With images removed, transcribe each record exactly as it appears.
:: Provided records ::
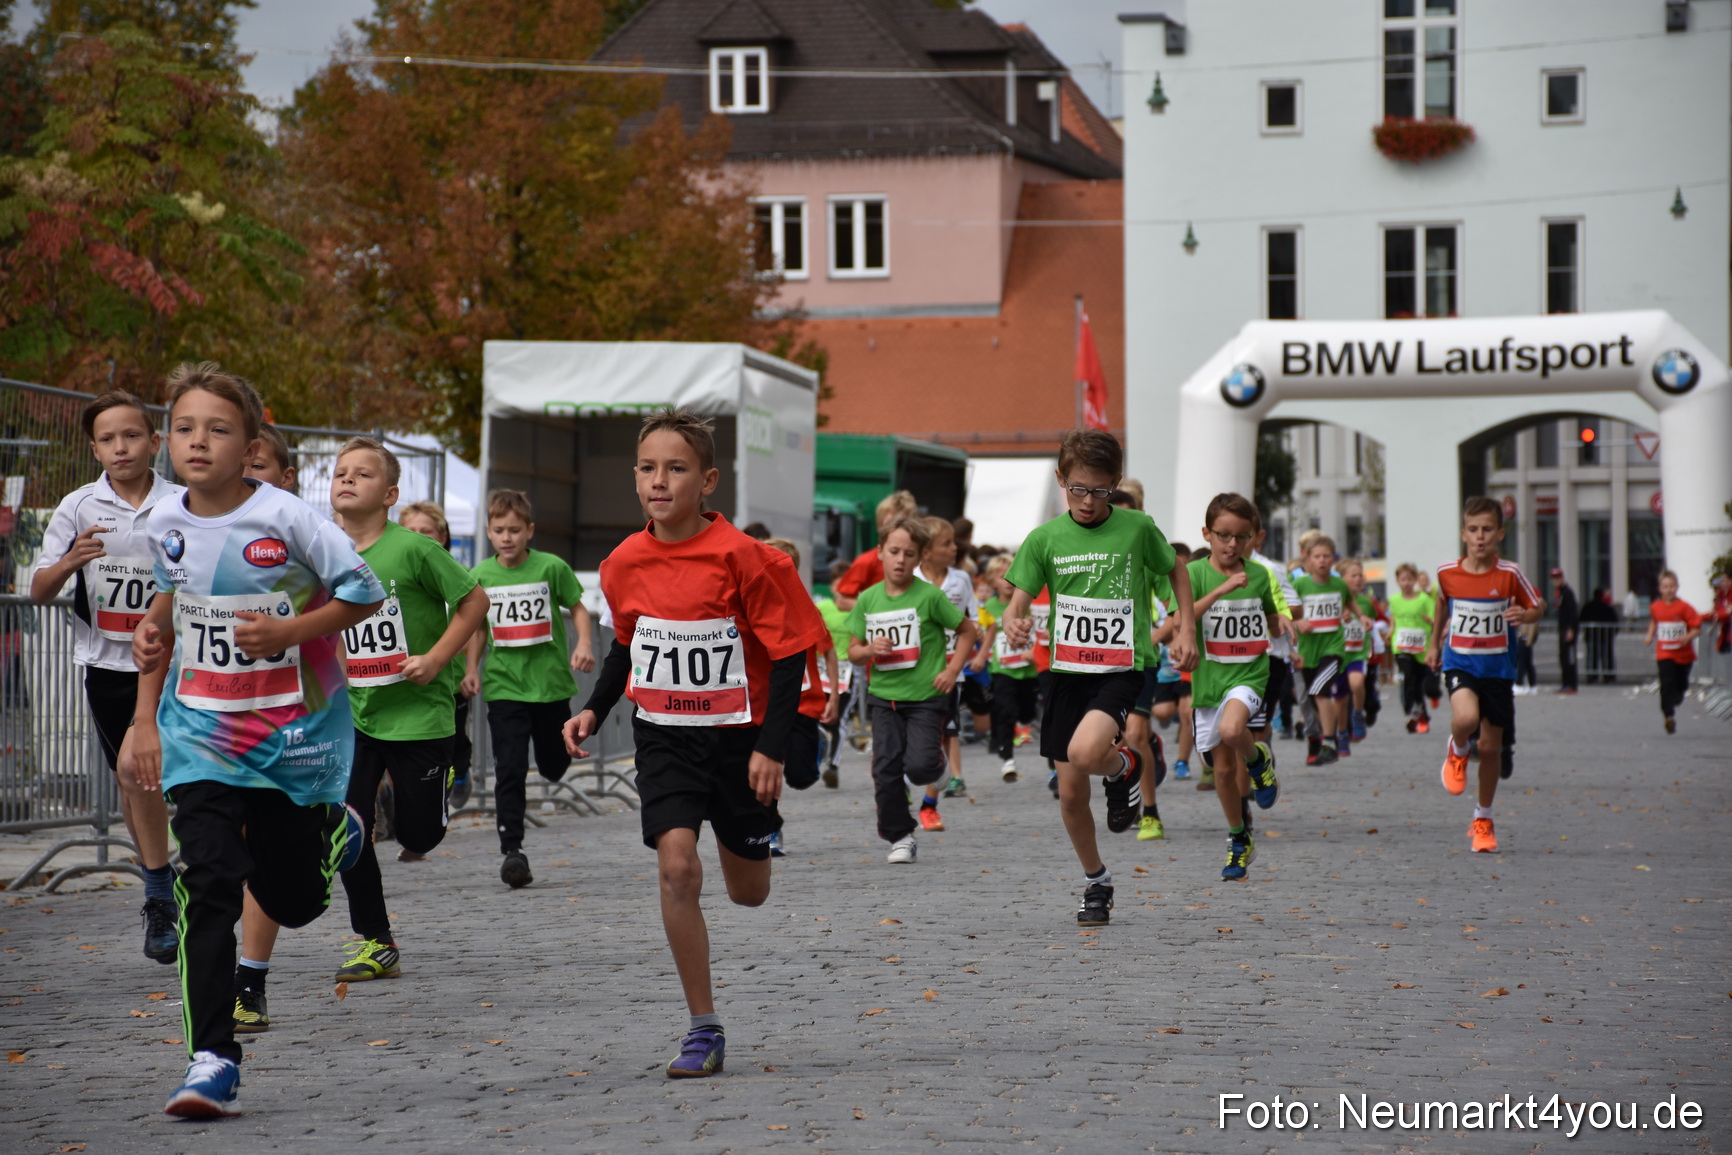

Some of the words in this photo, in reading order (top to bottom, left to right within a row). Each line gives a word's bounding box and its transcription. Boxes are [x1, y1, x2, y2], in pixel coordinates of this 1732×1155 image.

[1282, 341, 1402, 376] BMW
[1416, 335, 1634, 378] Laufsport
[250, 546, 287, 560] Hervis
[1053, 552, 1109, 565] Neumarkter
[98, 564, 130, 574] PARTL
[1056, 563, 1097, 575] Stadtlauf
[106, 577, 158, 610] 702
[508, 590, 539, 598] Neumarkt
[180, 604, 209, 618] PARTL
[211, 606, 272, 619] Neuarkt
[491, 598, 546, 623] 7432
[1057, 602, 1079, 612] PARTL
[1081, 606, 1119, 614] Neumarkt
[1308, 602, 1341, 618] 7405
[1062, 614, 1126, 645] 7052
[1210, 615, 1264, 638] 7083
[1458, 614, 1503, 635] 7210
[345, 620, 397, 655] 049
[635, 626, 666, 640] PARTL
[668, 630, 723, 642] Neumarkt
[1078, 650, 1104, 662] Felix
[1229, 645, 1247, 654] Tim
[641, 644, 734, 686] 7107
[664, 695, 711, 711] Jamie
[282, 727, 307, 746] 16.
[282, 741, 333, 758] Neumarkter
:::
* Exercise answer *
Some of the words in this photo, in reading order (top to bottom, left to right within a row). Each line gives a word's bounding box and its transcription. Boxes are [x1, y1, x2, y2], in pixel coordinates of this 1732×1155 image.

[1282, 341, 1402, 376] BMW
[1416, 335, 1634, 378] Laufsport
[250, 546, 287, 560] Hervis
[1053, 552, 1109, 565] Neumarkter
[98, 564, 130, 574] PARTL
[1056, 563, 1097, 575] Stadtlauf
[106, 577, 158, 610] 702
[508, 590, 539, 598] Neumarkt
[180, 604, 209, 618] PARTL
[211, 606, 272, 619] Neuarkt
[491, 598, 546, 623] 7432
[1057, 602, 1079, 612] PARTL
[1081, 606, 1119, 614] Neumarkt
[1308, 602, 1341, 618] 7405
[1062, 614, 1126, 645] 7052
[1210, 615, 1264, 638] 7083
[1458, 614, 1503, 635] 7210
[345, 620, 397, 655] 049
[635, 626, 666, 640] PARTL
[668, 630, 723, 642] Neumarkt
[1078, 650, 1104, 662] Felix
[1229, 645, 1247, 654] Tim
[641, 644, 734, 686] 7107
[664, 695, 711, 711] Jamie
[282, 727, 307, 746] 16.
[282, 741, 333, 758] Neumarkter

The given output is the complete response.